To understand the impact of the entropy coding stage on the performance of LFZip, we replaced the entropy coder BSC by 7-zip and Gzip for the ppg dataset with maximum error ${10}^{-2}$. The compression ratios obtained were 5.28, 4.43 and 3.48 for BSC, 7-zip and Gzip, respectively. This shows that the entropy coder plays an important role in the framework and allows us to use a simple uniform scalar quantizer. We note that even with 7-zip as the entropy coder, LFZip achieves better compression than SZ for most datasets, showing the advantages of improved prediction.

### Results for LFZip (NN) for univariate time series data

Dataset | Compressor | Maximum error $\u03f5$ | |
---|---|---|---|

${10}^{-2}$ | ${10}^{-1}$ | ||

acc | SZ | 4.64 | 9.38 |

LFZip (NLMS) | 5.10 | 10.19 | |

LFZip (NN) | 5.26 | 10.78 | |

gyr | SZ | 6.99 | 20.96 |

LFZip (NLMS) | 10.22 | 23.33 | |

LFZip (NN) | 10.35 | 25.00 |

Dataset | Compressor | Maximum error $\u03f5$ | |
---|---|---|---|

${10}^{-2}$ | ${10}^{-1}$ | ||

pow | SZ | 9.44 | 23.57 |

LFZip (NLMS) | 7.21 | 17.74 | |

LFZip (NN) | 9.29 | 25.38 | |

dna | SZ | 4.45 | 8.67 |

LFZip (NLMS) | 4.46 | 8.40 | |

LFZip (NN) | 4.60 | 8.99 |

Table 4 shows the results for LFZip with a neural network (NN) based predictor. For these experiments, we used a simple fully connected network with 4 hidden layers with 128 neurons each and first layer with 32 neurons, ReLU activation and batch normalization. Only the datasets for which the statistics were stationary over time were used for these experiments so as to allow offline training before compression. The datasets were divided into training, validation and test datasets of equal sizes, and the compression was performed only on the test dataset for all the compressors. For LFZip (NN), offline training was performed using the training and validation datasets for 5 epochs. During training, uniformly distributed noise in $[-0.05,0.05]$ was added to emulate the quantization noise. No adaptive training was employed during compression as that didn’t seem to provide measurable benefits.
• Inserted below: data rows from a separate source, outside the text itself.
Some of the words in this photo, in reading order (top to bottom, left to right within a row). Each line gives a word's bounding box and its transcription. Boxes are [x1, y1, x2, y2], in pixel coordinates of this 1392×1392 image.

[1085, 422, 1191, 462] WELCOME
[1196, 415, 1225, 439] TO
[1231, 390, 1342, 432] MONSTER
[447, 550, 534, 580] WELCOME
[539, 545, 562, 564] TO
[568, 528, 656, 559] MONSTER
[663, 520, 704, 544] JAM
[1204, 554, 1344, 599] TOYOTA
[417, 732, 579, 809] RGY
From Table 4, we see that LFZip (NN) improves the result over LFZip (NLMS) and SZ in all cases, except for pow dataset with maximum error ${10}^{-2}$ where it is slightly worse than SZ. This shows that better prediction using stronger NN based models can lead to further improvement in compression for LFZip at the cost of increased computational complexity.
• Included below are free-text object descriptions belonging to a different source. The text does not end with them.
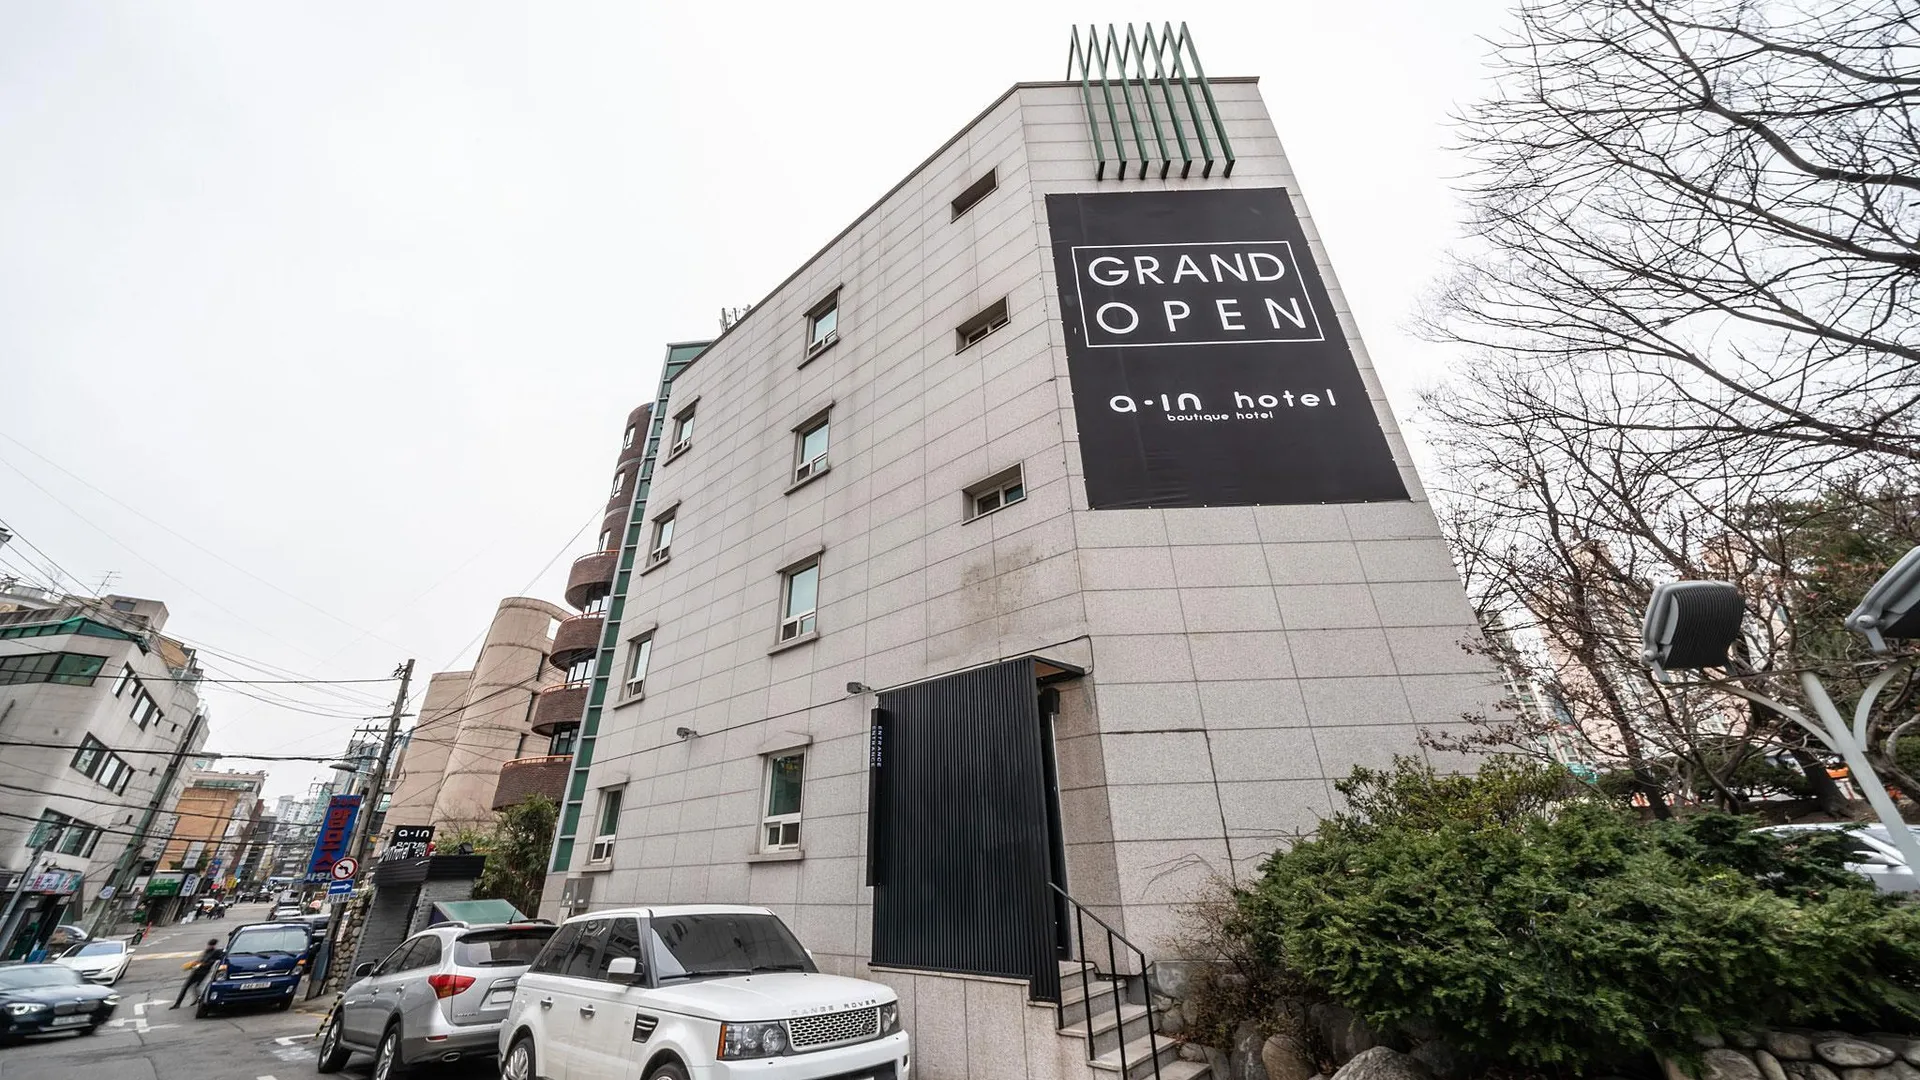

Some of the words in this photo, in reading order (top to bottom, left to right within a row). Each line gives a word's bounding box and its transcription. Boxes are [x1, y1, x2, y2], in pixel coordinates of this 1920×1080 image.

[1088, 252, 1286, 287] GRAND
[1096, 297, 1307, 335] OPEN
[1234, 389, 1337, 409] hotel
[1166, 413, 1230, 423] boutique
[1236, 411, 1274, 420] hotel
[843, 999, 877, 1009] ROVER
### Computational requirements

The experiments were run on an Ubuntu 18.04 server with 2.2 GHz Intel Xeon processors and NVIDIA TITAN X Pascal GPUs. Note that the GPUs were used only during the training phase of the NNs, and the compression with both NLMS and NN predictors was performed on CPU with a single thread to ensure reproducibility and correct decompression. The current implementation of LFZip (NLMS) is written in Python and C++, and achieved a compression/decompression speed of $\sim $2M timesteps/s for univariate time series. This is about an order of magnitude slower than SZ but should be practical for most applications. LFZip (NN) is more computationally expensive with a speed of $\sim $1K timesteps/s for the model used above.

## Conclusion

We propose an error-bounded lossy compressor for multivariate floating-point time series based on the prediction-quantization-entropy coder framework. Using linear and neural network prediction models, the proposed compressor LFZip achieves higher compression ratios than the previous state-of-the-art compressors. Future work includes an optimized implementation for the neural network based framework, extension of the framework to multidimensional datasets and exploration of other predictive models to further boost compression.